*Task goal:* Each entry below must be repeated exactly. Leave the pictures out of it.

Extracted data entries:
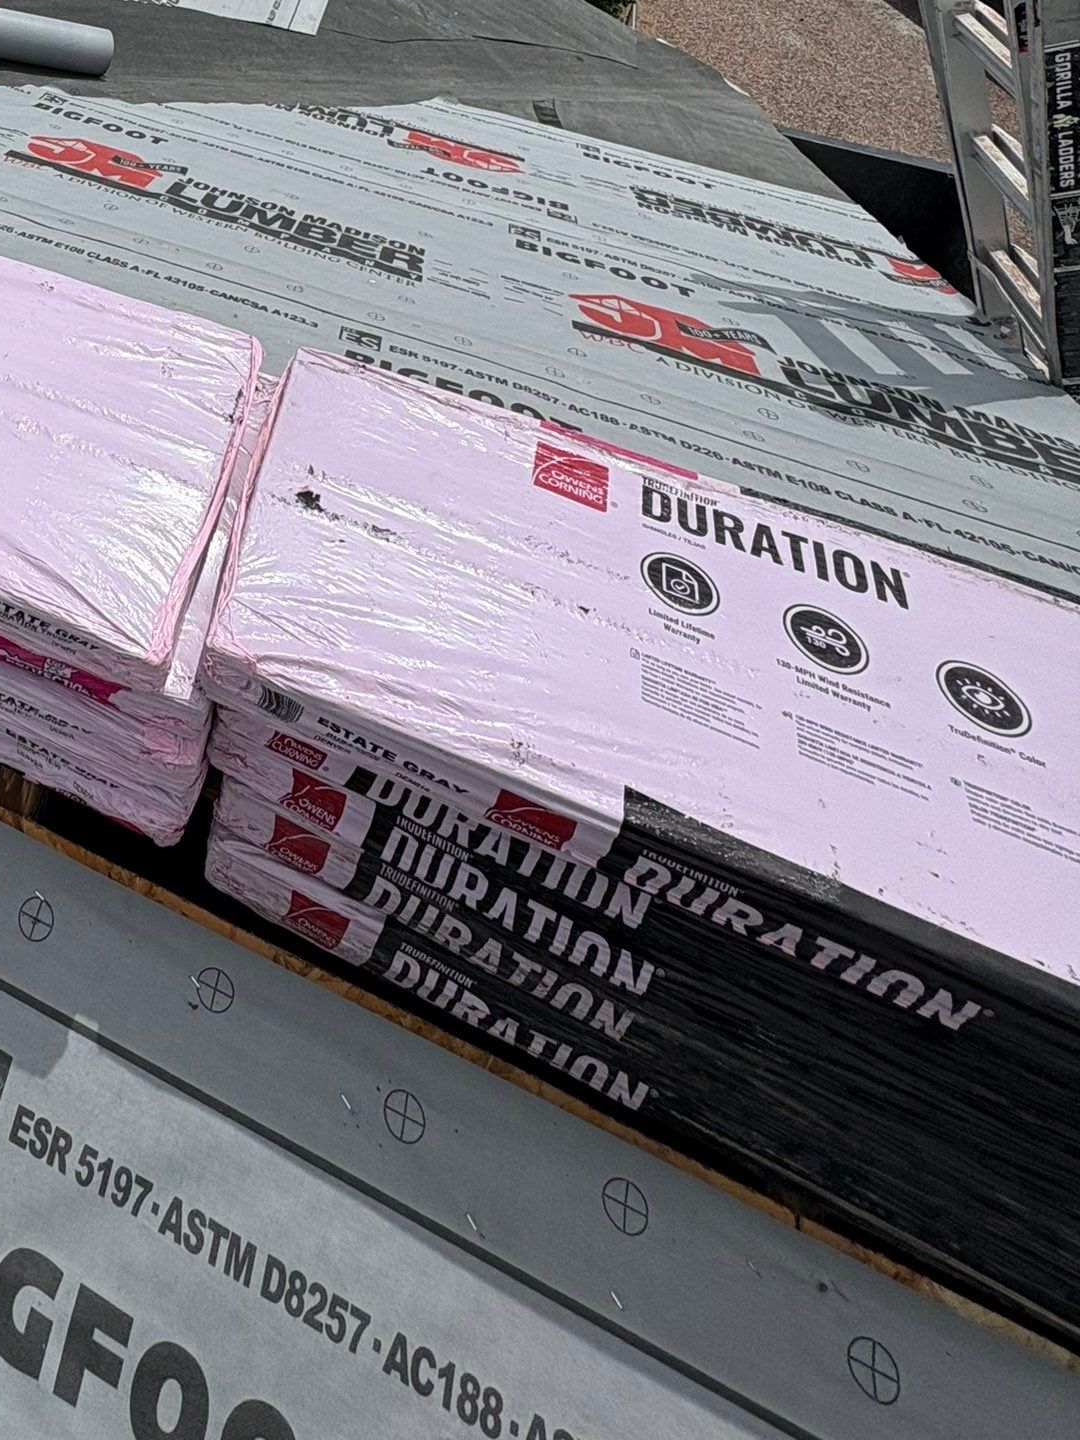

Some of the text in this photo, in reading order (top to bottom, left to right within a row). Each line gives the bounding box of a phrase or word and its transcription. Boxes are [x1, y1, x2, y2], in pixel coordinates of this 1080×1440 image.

[33, 103, 168, 144] BIGFOOT
[1054, 51, 1075, 187] GORILLA LADDERS
[178, 177, 427, 257] JOHNSON MADISON
[421, 168, 569, 211] BIGFOOT
[165, 179, 426, 273] LUMBER
[516, 239, 694, 297] BIGFOOT
[780, 358, 945, 422] JOHNSON
[779, 368, 1080, 472] LUMBE
[539, 472, 605, 506] CORNING
[551, 468, 608, 496] OWENS
[641, 483, 911, 610] DURATION
[648, 607, 716, 640] Limited Lifetime
[663, 622, 701, 645] Warranty
[776, 658, 892, 709] 130-MPH Wind Resistance
[796, 676, 872, 712] Limited Warranty
[272, 740, 320, 769] CORNING
[317, 717, 470, 794] ESTATE GRAY
[1018, 750, 1047, 768] Color
[299, 797, 337, 827] OWENS
[366, 770, 655, 930] DURATION
[379, 826, 657, 998] DURATION
[380, 862, 456, 911] TRUDEFINITION
[363, 874, 637, 1043] DURATION
[400, 942, 475, 988] TRUDEFINITION
[622, 855, 984, 1032] DURATION
[383, 949, 651, 1112] DURATION
[8, 1104, 74, 1176] ESR

*Finished task:*
Some of the text in this photo, in reading order (top to bottom, left to right within a row). Each line gives the bounding box of a phrase or word and its transcription. Boxes are [x1, y1, x2, y2], in pixel coordinates of this 1080×1440 image.

[33, 103, 168, 144] BIGFOOT
[1054, 51, 1075, 187] GORILLA LADDERS
[178, 177, 427, 257] JOHNSON MADISON
[421, 168, 569, 211] BIGFOOT
[165, 179, 426, 273] LUMBER
[516, 239, 694, 297] BIGFOOT
[780, 358, 945, 422] JOHNSON
[779, 368, 1080, 472] LUMBE
[539, 472, 605, 506] CORNING
[551, 468, 608, 496] OWENS
[641, 483, 911, 610] DURATION
[648, 607, 716, 640] Limited Lifetime
[663, 622, 701, 645] Warranty
[776, 658, 892, 709] 130-MPH Wind Resistance
[796, 676, 872, 712] Limited Warranty
[272, 740, 320, 769] CORNING
[317, 717, 470, 794] ESTATE GRAY
[1018, 750, 1047, 768] Color
[299, 797, 337, 827] OWENS
[366, 770, 655, 930] DURATION
[379, 826, 657, 998] DURATION
[380, 862, 456, 911] TRUDEFINITION
[363, 874, 637, 1043] DURATION
[400, 942, 475, 988] TRUDEFINITION
[622, 855, 984, 1032] DURATION
[383, 949, 651, 1112] DURATION
[8, 1104, 74, 1176] ESR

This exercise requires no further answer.